#### [Referring expression grounding data]
● ● ● ●
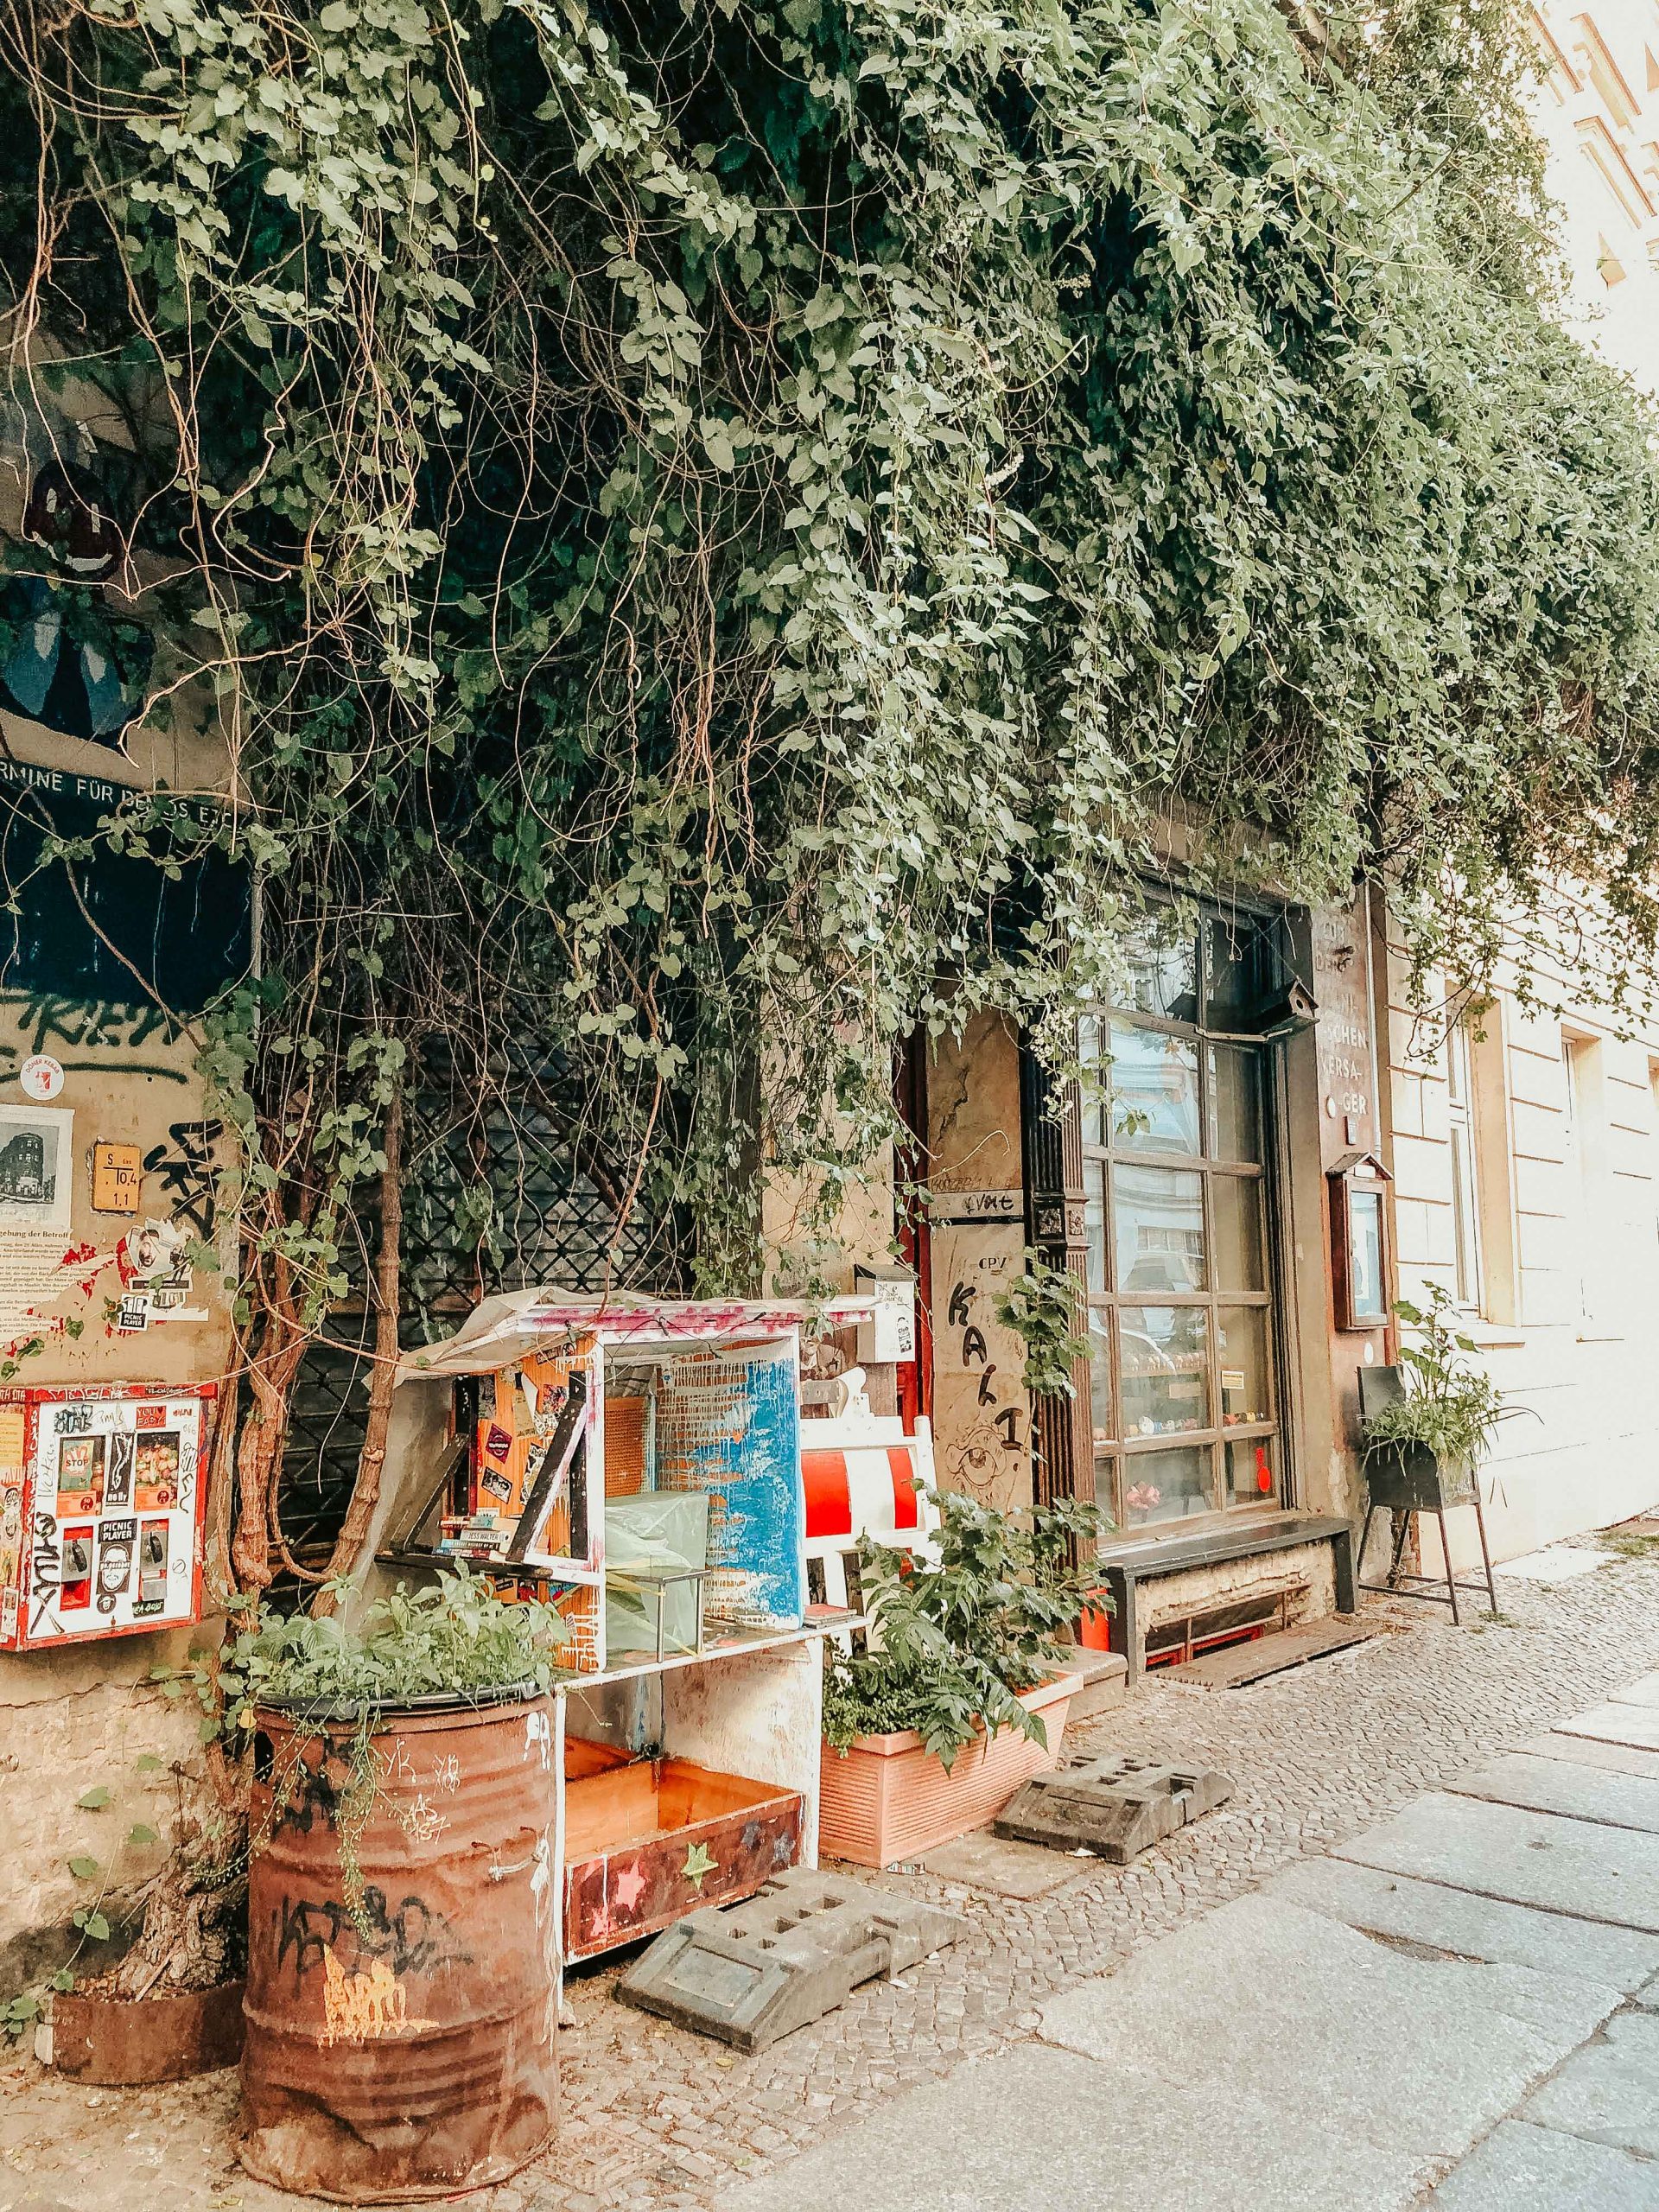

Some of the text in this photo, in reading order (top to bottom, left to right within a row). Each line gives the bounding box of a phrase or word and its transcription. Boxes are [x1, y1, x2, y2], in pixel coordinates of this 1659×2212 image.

[77, 779, 113, 803] FÜR
[108, 1154, 113, 1165] S
[103, 1521, 132, 1532] PICNIC
[103, 1530, 132, 1541] PLAYER
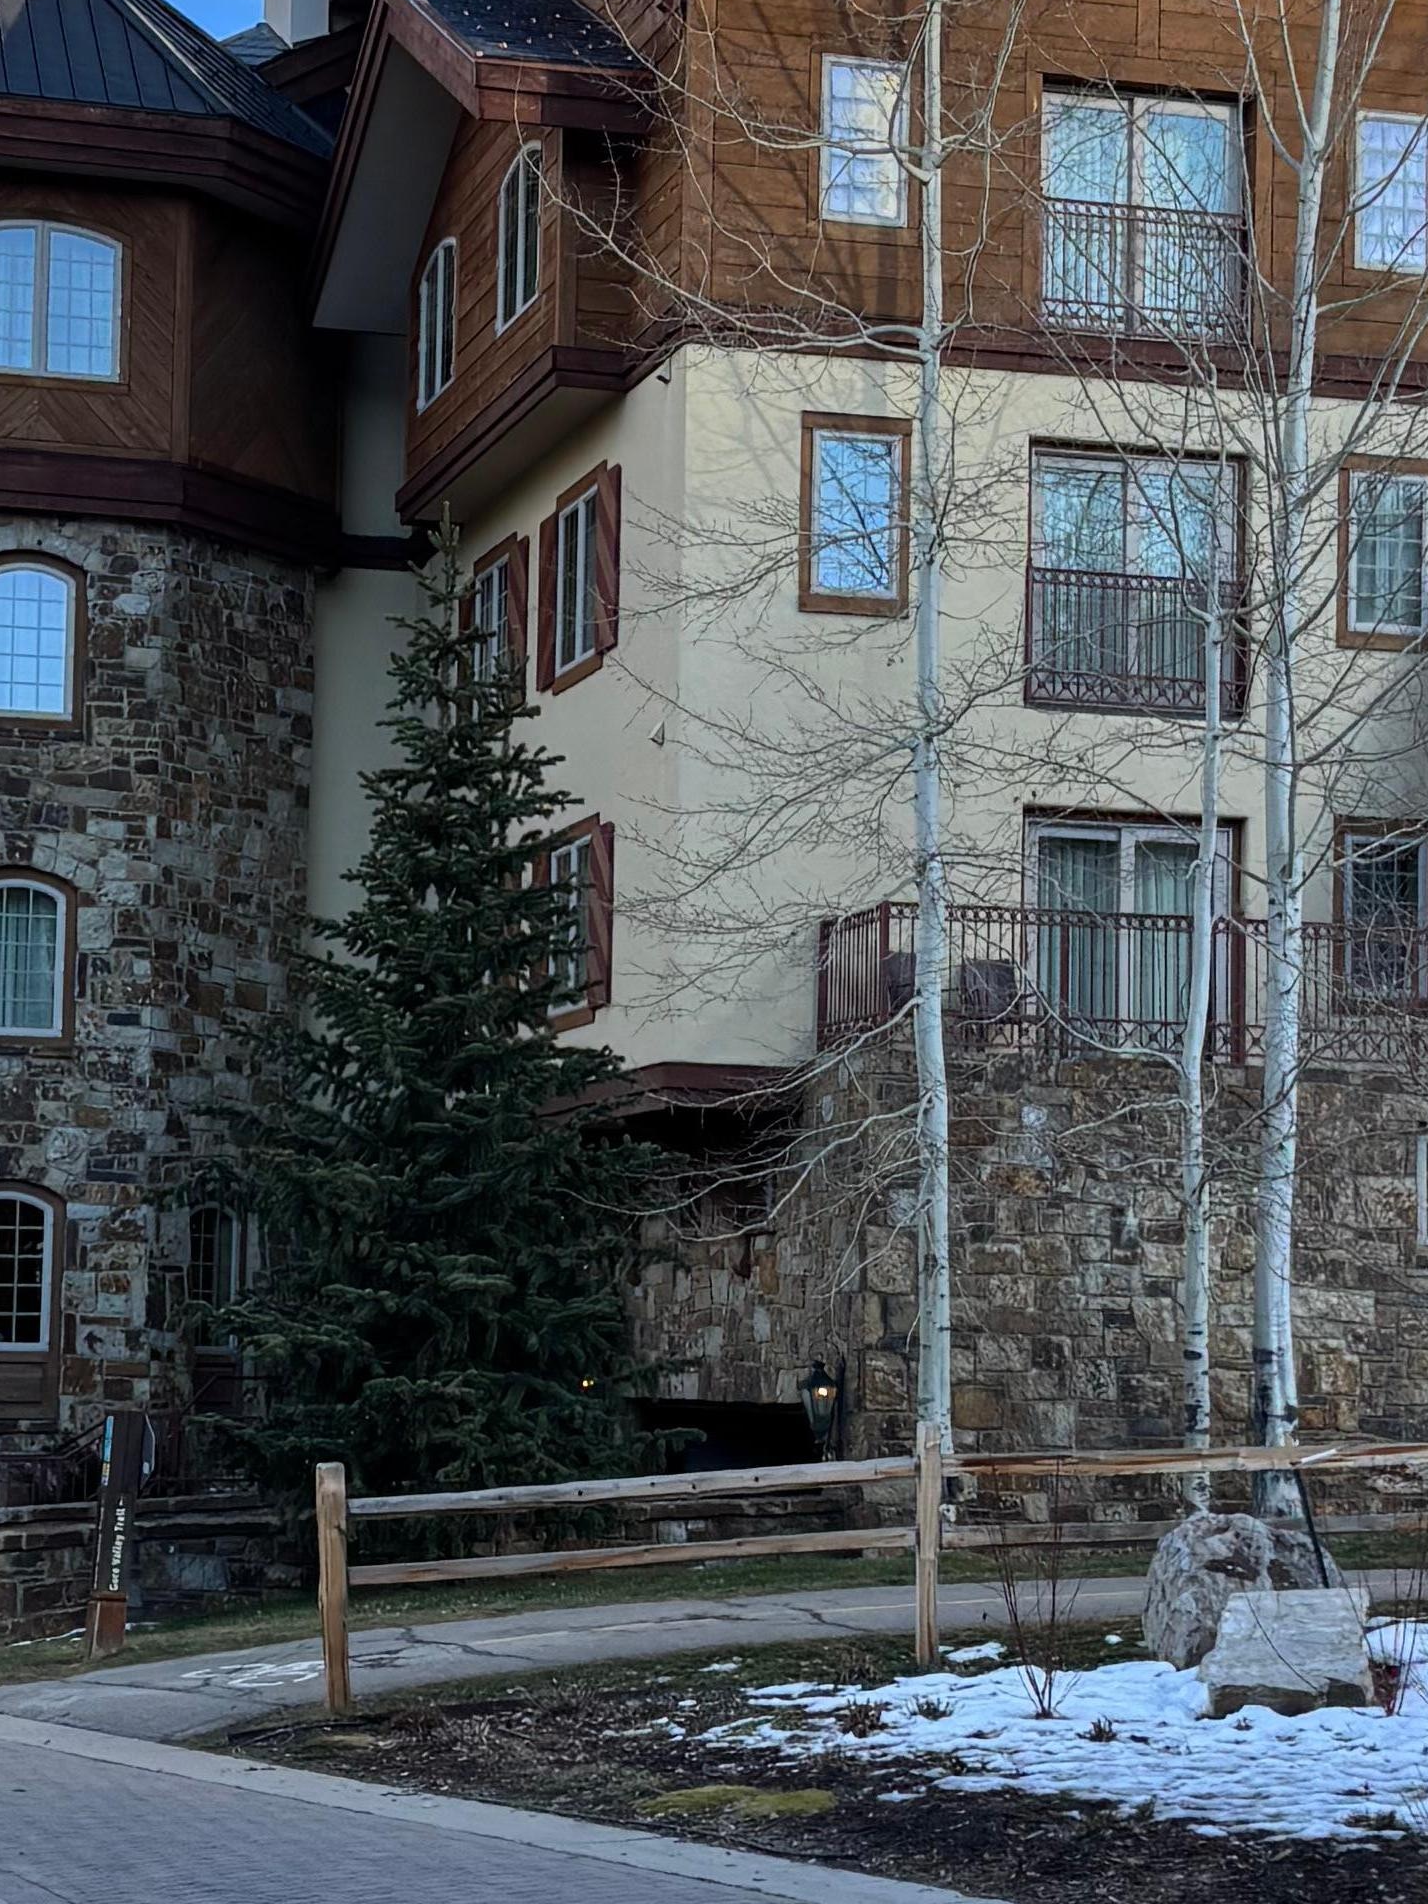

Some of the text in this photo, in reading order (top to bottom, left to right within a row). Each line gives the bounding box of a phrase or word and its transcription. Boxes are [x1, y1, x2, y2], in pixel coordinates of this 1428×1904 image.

[109, 1508, 126, 1591] Gore Valley Trail
● ● ● ●
#### [WHAT YOU ARE ASKED TO DO]
Return a verbatim transcription of the data, omitting all images.

#### [TASK OUTPUT]
Some of the text in this photo, in reading order (top to bottom, left to right within a row). Each line gives the bounding box of a phrase or word and its transcription. Boxes are [x1, y1, x2, y2], in pixel coordinates of this 1659×2212 image.

[77, 779, 113, 803] FÜR
[108, 1154, 113, 1165] S
[103, 1521, 132, 1532] PICNIC
[103, 1530, 132, 1541] PLAYER

Some of the text in this photo, in reading order (top to bottom, left to right within a row). Each line gives the bounding box of a phrase or word and its transcription. Boxes are [x1, y1, x2, y2], in pixel coordinates of this 1428×1904 image.

[109, 1508, 126, 1591] Gore Valley Trail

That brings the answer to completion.